[Christie Aschwanden]Yet despite the danger, flying rarely provokes the kind of environmental shame that driving a Hummer or running the washer and dryer with a single item might. It’s hard to say exactly why, but I have a theory -- it’s easy to act like an environmentalist when it means buying cool new stuff like reusable grocery bags, a high-efficiency washer, or a hybrid car. When doing the green thing requires actual sacrifice or a substantial change in lifestyle, well, that’s where most of us draw the line.I stayed within 100 miles of my house for a year: The case against airplanes and for staying put. - Slate Magazine
...[Megan McArdle] So why, pray tell, do we spend so much time talking about suburban sprawl and sport utilities, and so little time talking about FedEx and European vacations?

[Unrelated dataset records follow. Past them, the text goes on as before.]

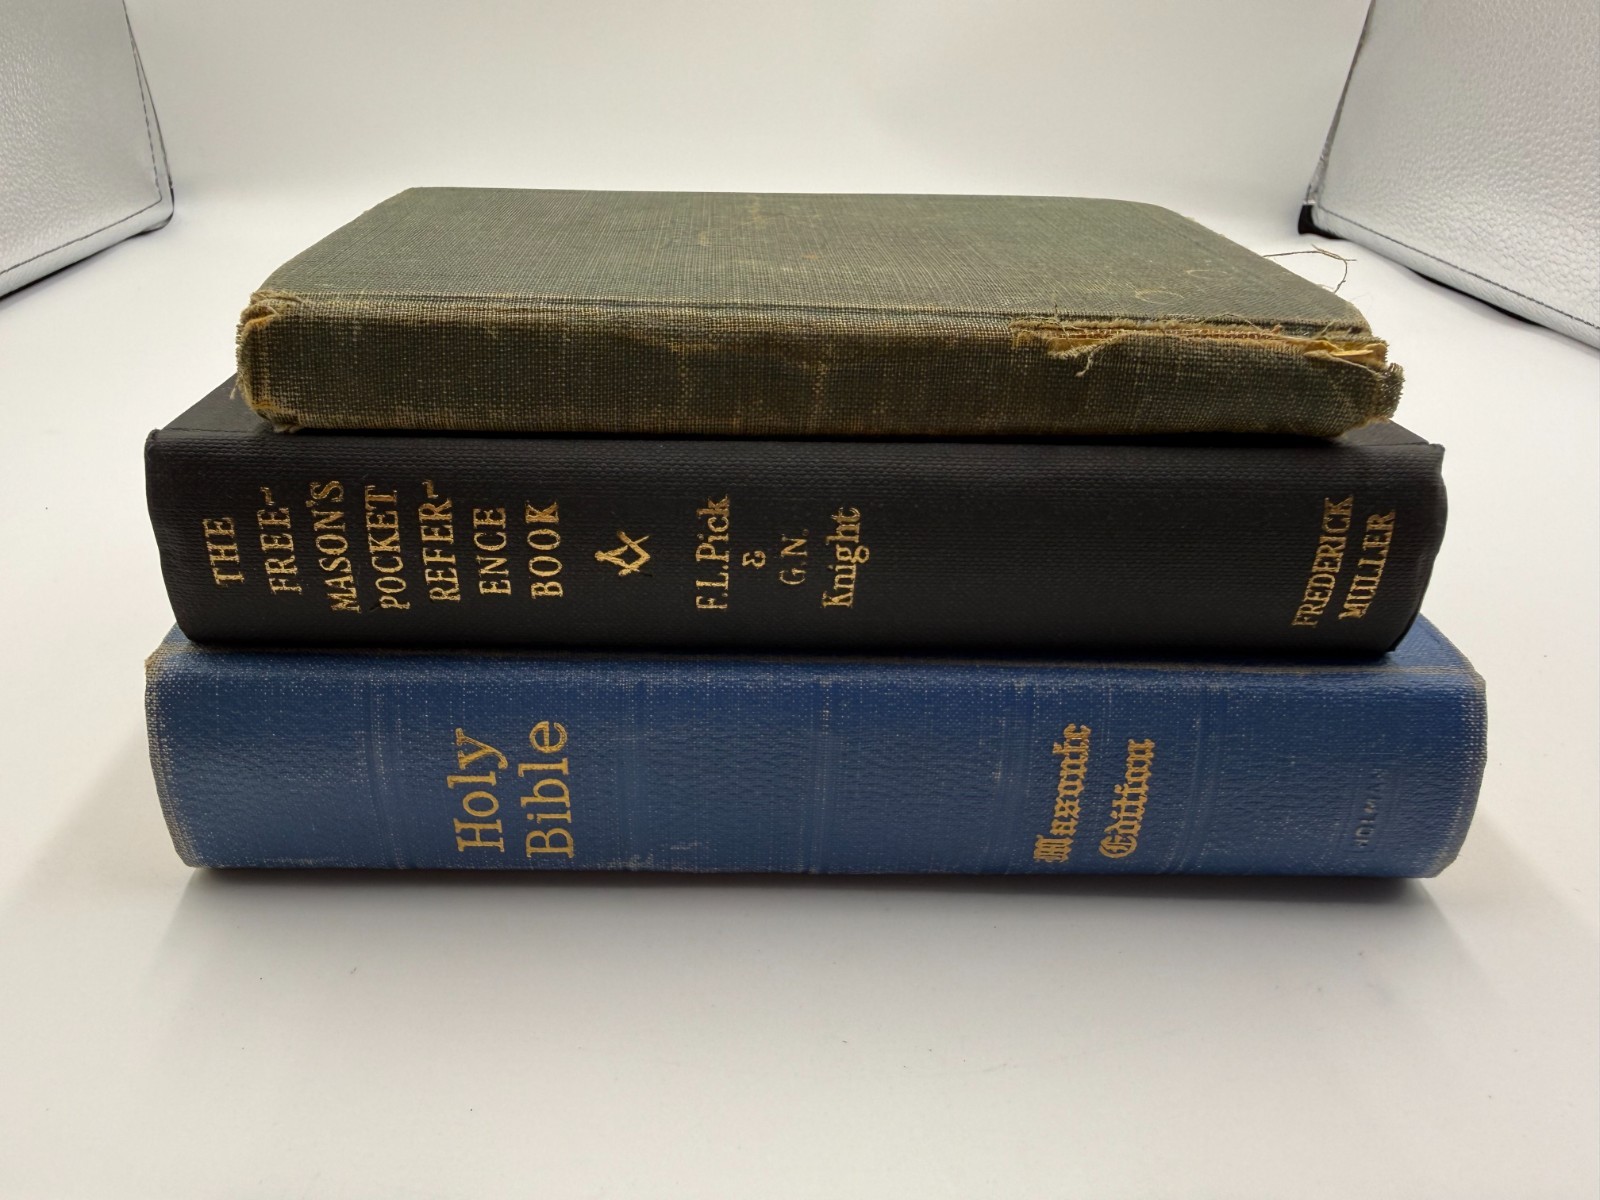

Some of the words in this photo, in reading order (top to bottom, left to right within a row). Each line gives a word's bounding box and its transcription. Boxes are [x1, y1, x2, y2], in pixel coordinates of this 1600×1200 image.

[203, 517, 245, 588] THE
[258, 486, 302, 595] FREE-
[306, 480, 361, 614] MASON'S
[364, 485, 411, 610] POCKET
[418, 479, 461, 603] REFER-
[473, 508, 511, 596] ENCE
[525, 501, 563, 600] BOOK
[741, 550, 766, 569] &
[820, 506, 870, 609] Knight
[1291, 495, 1354, 627] FREDERICK
[1338, 509, 1396, 619] MULLER
[447, 727, 509, 852] Holy
[517, 720, 575, 859] Bible
[1032, 723, 1092, 863] Masonic
[1098, 738, 1155, 859] Edition
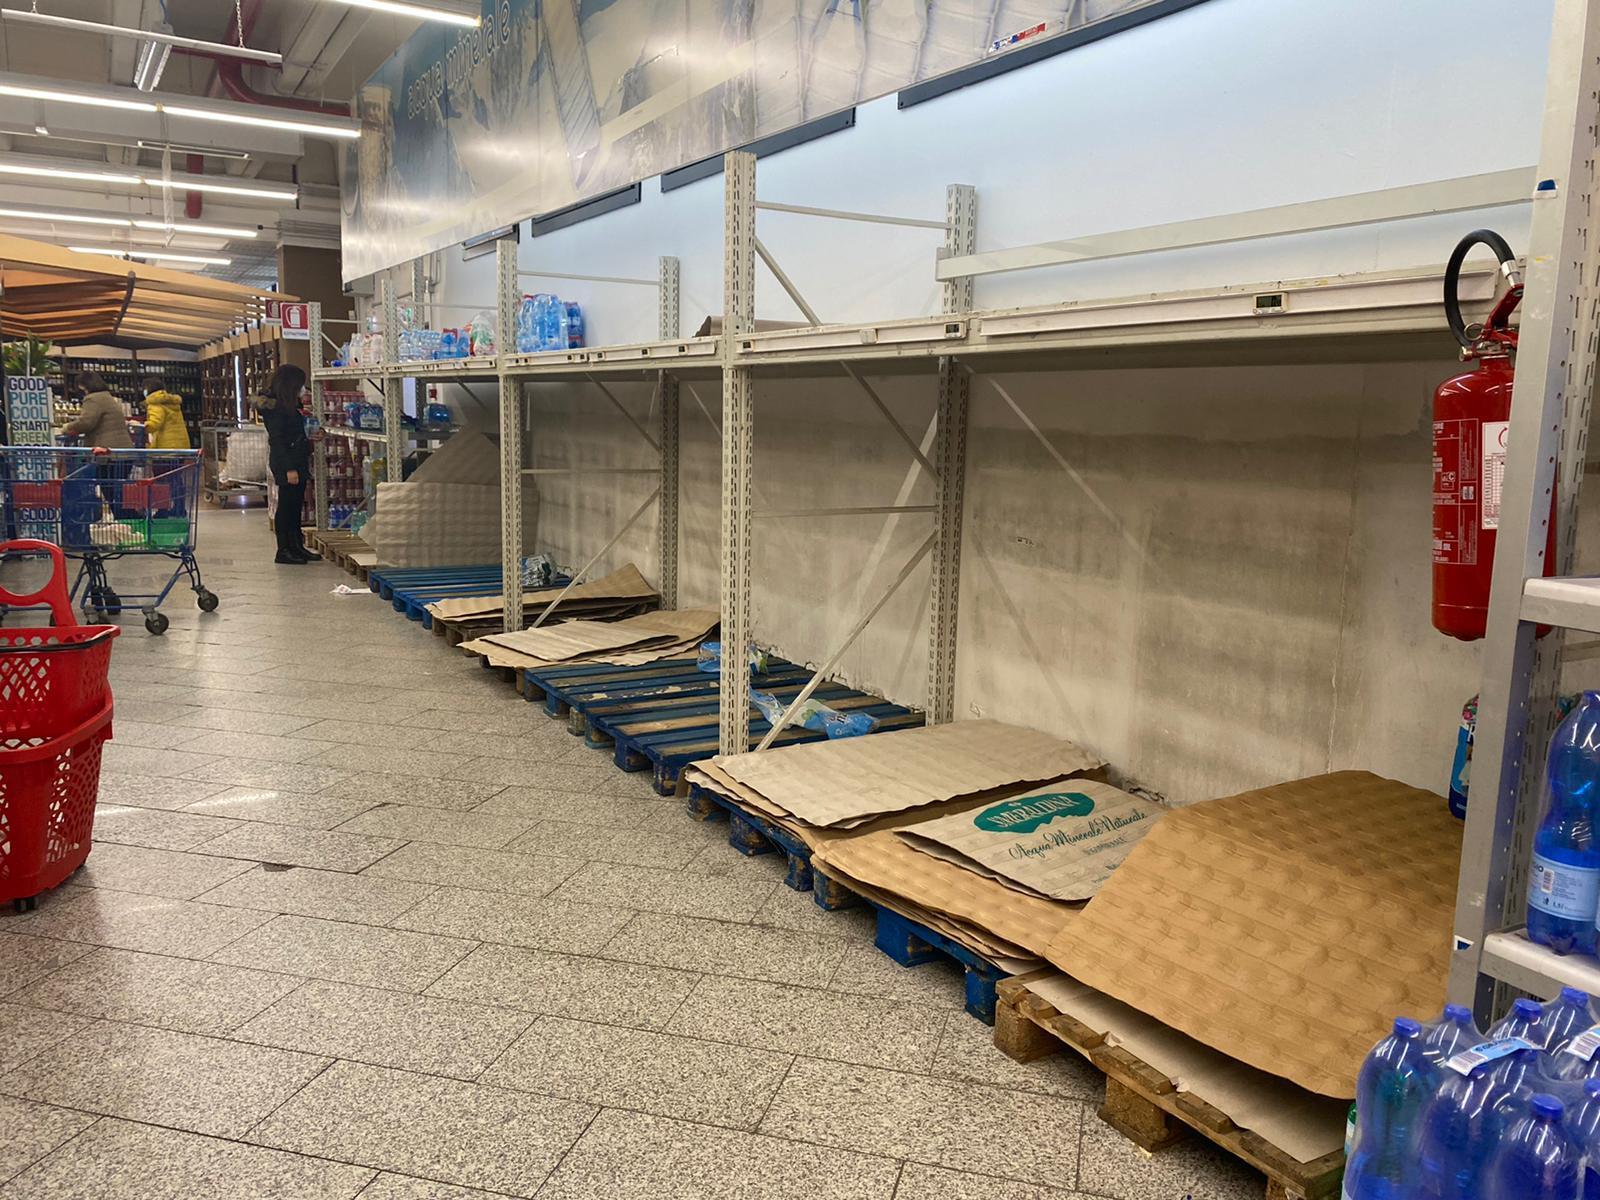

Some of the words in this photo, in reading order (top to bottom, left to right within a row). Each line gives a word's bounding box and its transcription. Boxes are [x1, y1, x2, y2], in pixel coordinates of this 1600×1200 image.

The question answers itself, doesn’t it? Giving up air travel and overnight delivery is much more personally costly for the public intellectuals who write about this stuff than giving up a big SUV. If you live in one of the five or six major cities that contain virtually everyone who writes about climate change, having a small car (or no car), is a pretty easy adjustment to imagine. On the other hand, try to imagine giving up far-flung vacations, conferences, etc. -- especially since travel to interesting locales is one of the hidden perks of not-very-well remunerated positions at universities, public policy groups, nongovernmental organizations, and yes, news organizations.
If we’re going to get serious about greenhouse gasses, we need to get serious about air travel. Going to a distant conference should attract the kind of scorn among the chattering classes that is currently reserved for buying a Hummer.
Don’t be fooled: Every time you get on an airplane, you’re helping to shove a Bangladeshi’s home under water.